EVs contribute to malignant transformation, drug resistance, and metastasis.119121 Leukemia-derived EVs can reprogram the BM microenvironment, suppressing both normal hematopoiesis and antitumor immunity, thereby fostering therapy-resistance.14 Levels of EVs in blood are elevated in many hematological malignancies compared to healthy individuals, and EV size varies across hematological diseases representing an interesting diagnosis/prognosis factor.122 The role of EVs in the crosstalk between tumor cells and tumor microenvironment (TME) remains incompletely understood.88 For example, AML-derived EVs can induce quiescence in residual HSCs within a leukemic marrow, illustrating how malignant EVs disrupt normal hematopoiesis.123 Growing evidence supports EVs’ capacity to mediate crosstalk between cancer cells and the surrounding TME.31,124

Hematological malignancies represent an evolutionary and ecological process involving dynamic, reciprocal interactions between cancer cells and the TME,125,126 which consists of immune cells, stromal cells, fibroblasts, all components belonging to the extracellular matrix, together with blood cells and lymphatic vessels.125,127 The dynamic network and crosstalk between cancer cells and their TME allows tumor development and growth, influencing biological processes at multiple levels through various strategies. In vivo studies have observed that AML-derived EVs induce similar functional changes in the BM microenvironment compared to those observed after AML cell engraftment, particularly by targeting stromal and endothelial cells in the BM microenvironment. Furthermore, AML-derived EVs can impair the differentiation potential of BM-MSCs by enhancing the expression of negative regulators of osteoblast development (i.e., DKK-1) and suppressing normal hematopoiesis.128 In CLL, MSC-derived EVs enhance anti-apoptotic protein expression (MCL-1, BCLXL, XIAP) and promote SDF-1-induced migration of CLL cells.129 Additionally, multiple myeloma (MM) cell-derived EVs have been reported to be able to affect the surrounding microenvironment.
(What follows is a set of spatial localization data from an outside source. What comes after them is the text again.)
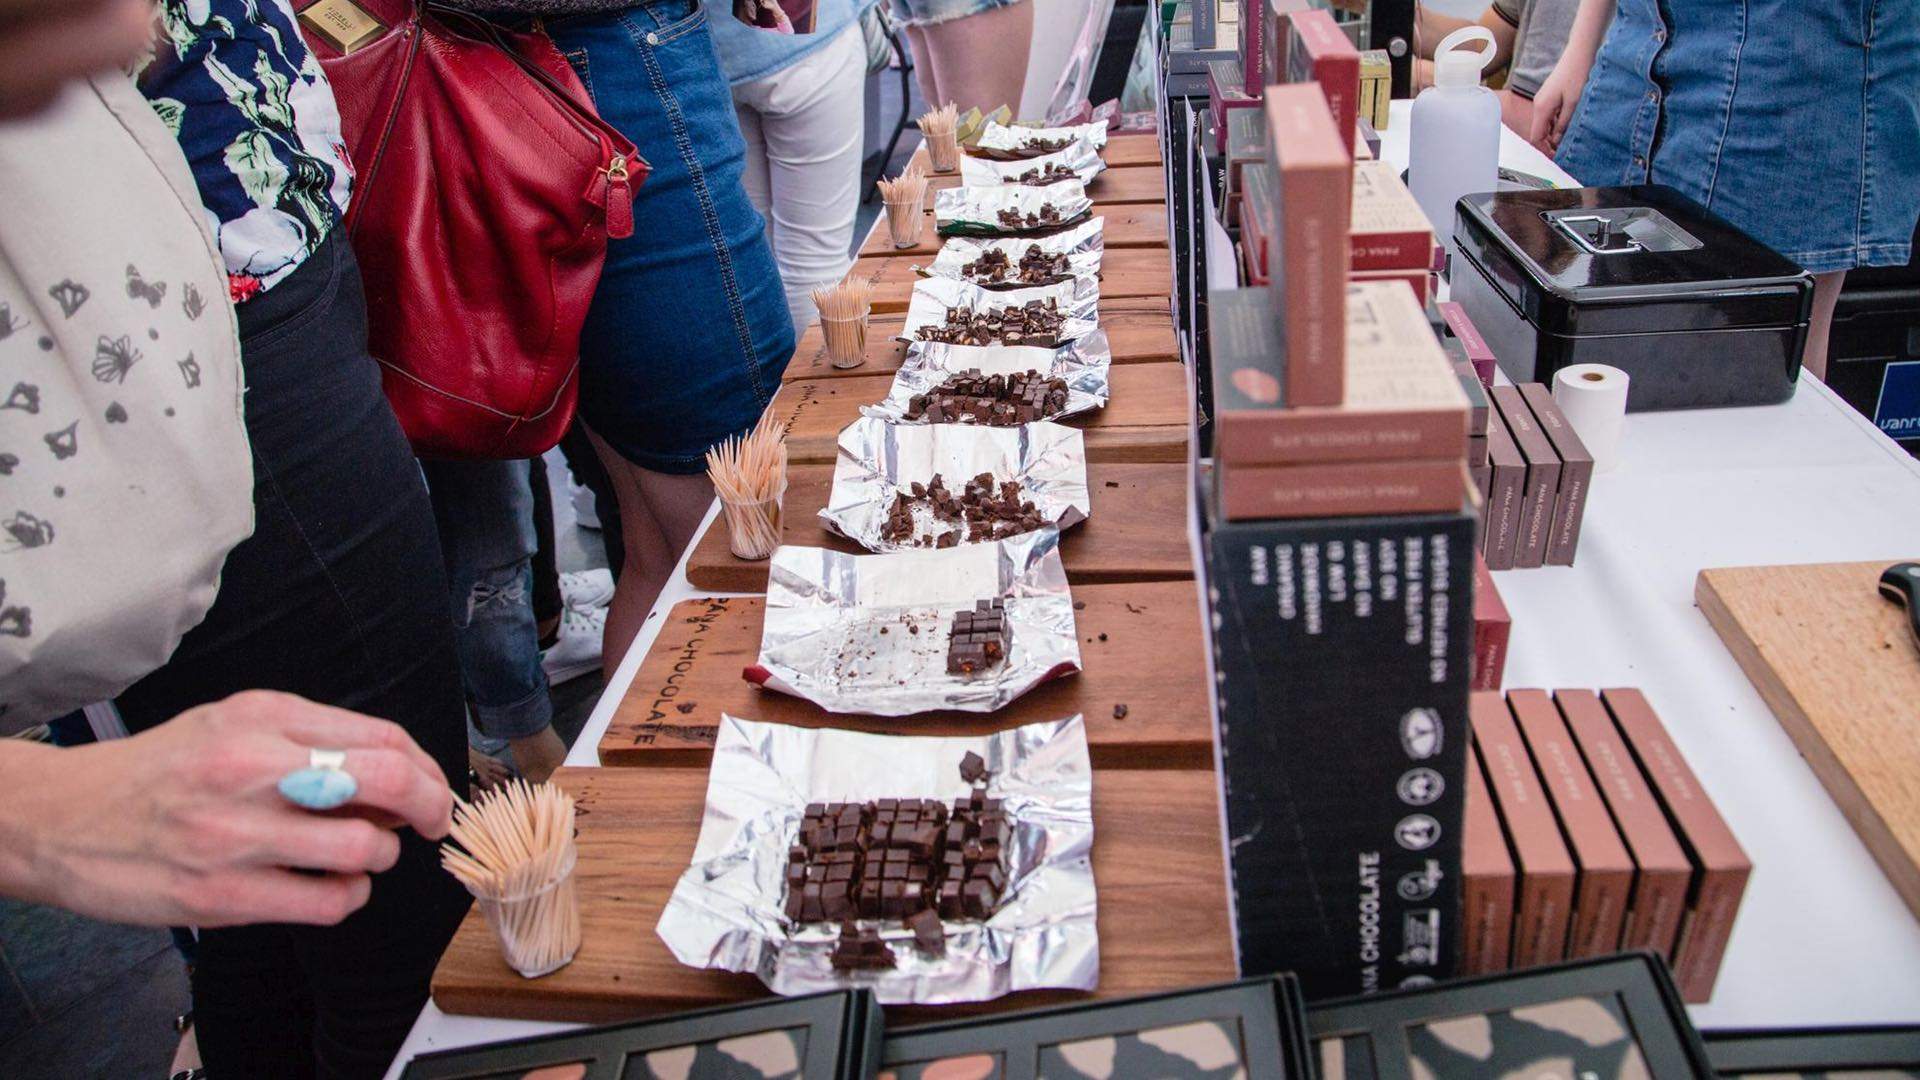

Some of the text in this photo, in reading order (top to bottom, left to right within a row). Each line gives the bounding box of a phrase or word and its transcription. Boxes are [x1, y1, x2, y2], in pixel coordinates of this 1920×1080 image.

[1497, 486, 1515, 551] PANA CHOCOLATE
[1528, 483, 1548, 549] PANA CHOCOLATE
[1560, 480, 1580, 546] PANA CHOCOLATE
[1251, 545, 1269, 585] RAW
[1275, 543, 1296, 619] ORGANIC
[1300, 541, 1323, 635] HANDMADE
[1328, 563, 1346, 602] LOW
[1353, 539, 1372, 618] NO DAIRY
[1379, 538, 1397, 601] NO SOY
[1404, 536, 1423, 645] GLUTEN FREE
[1430, 533, 1449, 683] NO REFINED SUGAR
[633, 638, 703, 745] CHOCOLATE
[1359, 851, 1380, 963] CHOCOLATE
MM cell-derived EVs inhibit osteoblastic differentiation and promote osteoclastogenesis through EV-mediated signaling, MM-derived EVs contain unfolded protein response (UPR) signaling molecules by activating the IRE1alpha/XBP1 axis, thereby contributing to bone resorption.130 It has been demonstrated that acute lymphoblastic leukemia (ALL)-derived EVs can promote proliferation and survival of both leukemic and non-leukemic B cells in vitro by transferring proliferative, pro-survival, and anti-apoptotic factors.131,132 Beyond protein and miRNA cargo, the lipid composition of leukemic EVs has emerged as a functionally relevant dimension of their pathological activity. Lipidomic profiling of ALL-derived EVs revealed enrichment in cholesterol, phosphatidylcholines, and sphingomyelins relative to EVs from non-leukemic cells; critically, it is the lipid fraction of ALL EVs, not the protein or RNA fraction alone, that directly disrupts HSPC quiescence and promotes mitochondrial activation in targeted stem cells within the BM.133 These findings position EV lipid cargo as an underappreciated yet functionally active mediator of leukemia-driven niche disruption.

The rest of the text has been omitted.